[EXERCISE]
Beginning with the line where "this 1440×1080 image." appears, please restate each line of the records below word for word until the last one, inclusive, and nothing else.

Records excerpted from a collection

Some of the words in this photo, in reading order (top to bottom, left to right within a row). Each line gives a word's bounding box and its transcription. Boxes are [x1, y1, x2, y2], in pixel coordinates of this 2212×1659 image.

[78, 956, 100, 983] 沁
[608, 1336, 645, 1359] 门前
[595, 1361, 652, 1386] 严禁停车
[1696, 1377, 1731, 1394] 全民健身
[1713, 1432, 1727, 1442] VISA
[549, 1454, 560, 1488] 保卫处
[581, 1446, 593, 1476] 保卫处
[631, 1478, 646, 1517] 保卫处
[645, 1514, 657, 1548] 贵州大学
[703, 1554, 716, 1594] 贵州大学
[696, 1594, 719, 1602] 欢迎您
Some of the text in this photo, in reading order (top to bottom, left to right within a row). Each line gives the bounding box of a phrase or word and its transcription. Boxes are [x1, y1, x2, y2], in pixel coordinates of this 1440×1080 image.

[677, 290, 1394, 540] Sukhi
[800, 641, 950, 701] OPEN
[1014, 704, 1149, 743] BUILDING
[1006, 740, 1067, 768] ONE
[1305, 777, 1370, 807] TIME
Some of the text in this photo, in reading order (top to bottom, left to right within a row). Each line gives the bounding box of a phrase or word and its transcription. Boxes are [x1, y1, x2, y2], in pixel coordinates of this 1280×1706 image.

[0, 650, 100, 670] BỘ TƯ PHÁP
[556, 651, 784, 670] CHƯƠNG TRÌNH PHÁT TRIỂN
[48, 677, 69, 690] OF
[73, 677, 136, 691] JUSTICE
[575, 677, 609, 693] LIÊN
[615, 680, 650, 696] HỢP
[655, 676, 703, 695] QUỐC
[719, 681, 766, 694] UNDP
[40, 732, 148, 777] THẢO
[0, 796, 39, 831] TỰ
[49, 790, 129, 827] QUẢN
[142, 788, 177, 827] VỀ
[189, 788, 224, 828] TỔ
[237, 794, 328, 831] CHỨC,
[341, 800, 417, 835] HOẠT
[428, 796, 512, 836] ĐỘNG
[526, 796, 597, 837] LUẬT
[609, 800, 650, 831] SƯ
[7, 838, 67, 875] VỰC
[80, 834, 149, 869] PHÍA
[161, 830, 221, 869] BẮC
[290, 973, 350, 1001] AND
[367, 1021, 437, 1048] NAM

[SOLUTION TO THIS EXERCISE]
Some of the text in this photo, in reading order (top to bottom, left to right within a row). Each line gives the bounding box of a phrase or word and its transcription. Boxes are [x1, y1, x2, y2], in pixel coordinates of this 1440×1080 image.

[677, 290, 1394, 540] Sukhi
[800, 641, 950, 701] OPEN
[1014, 704, 1149, 743] BUILDING
[1006, 740, 1067, 768] ONE
[1305, 777, 1370, 807] TIME
Some of the text in this photo, in reading order (top to bottom, left to right within a row). Each line gives the bounding box of a phrase or word and its transcription. Boxes are [x1, y1, x2, y2], in pixel coordinates of this 1280×1706 image.

[0, 650, 100, 670] BỘ TƯ PHÁP
[556, 651, 784, 670] CHƯƠNG TRÌNH PHÁT TRIỂN
[48, 677, 69, 690] OF
[73, 677, 136, 691] JUSTICE
[575, 677, 609, 693] LIÊN
[615, 680, 650, 696] HỢP
[655, 676, 703, 695] QUỐC
[719, 681, 766, 694] UNDP
[40, 732, 148, 777] THẢO
[0, 796, 39, 831] TỰ
[49, 790, 129, 827] QUẢN
[142, 788, 177, 827] VỀ
[189, 788, 224, 828] TỔ
[237, 794, 328, 831] CHỨC,
[341, 800, 417, 835] HOẠT
[428, 796, 512, 836] ĐỘNG
[526, 796, 597, 837] LUẬT
[609, 800, 650, 831] SƯ
[7, 838, 67, 875] VỰC
[80, 834, 149, 869] PHÍA
[161, 830, 221, 869] BẮC
[290, 973, 350, 1001] AND
[367, 1021, 437, 1048] NAM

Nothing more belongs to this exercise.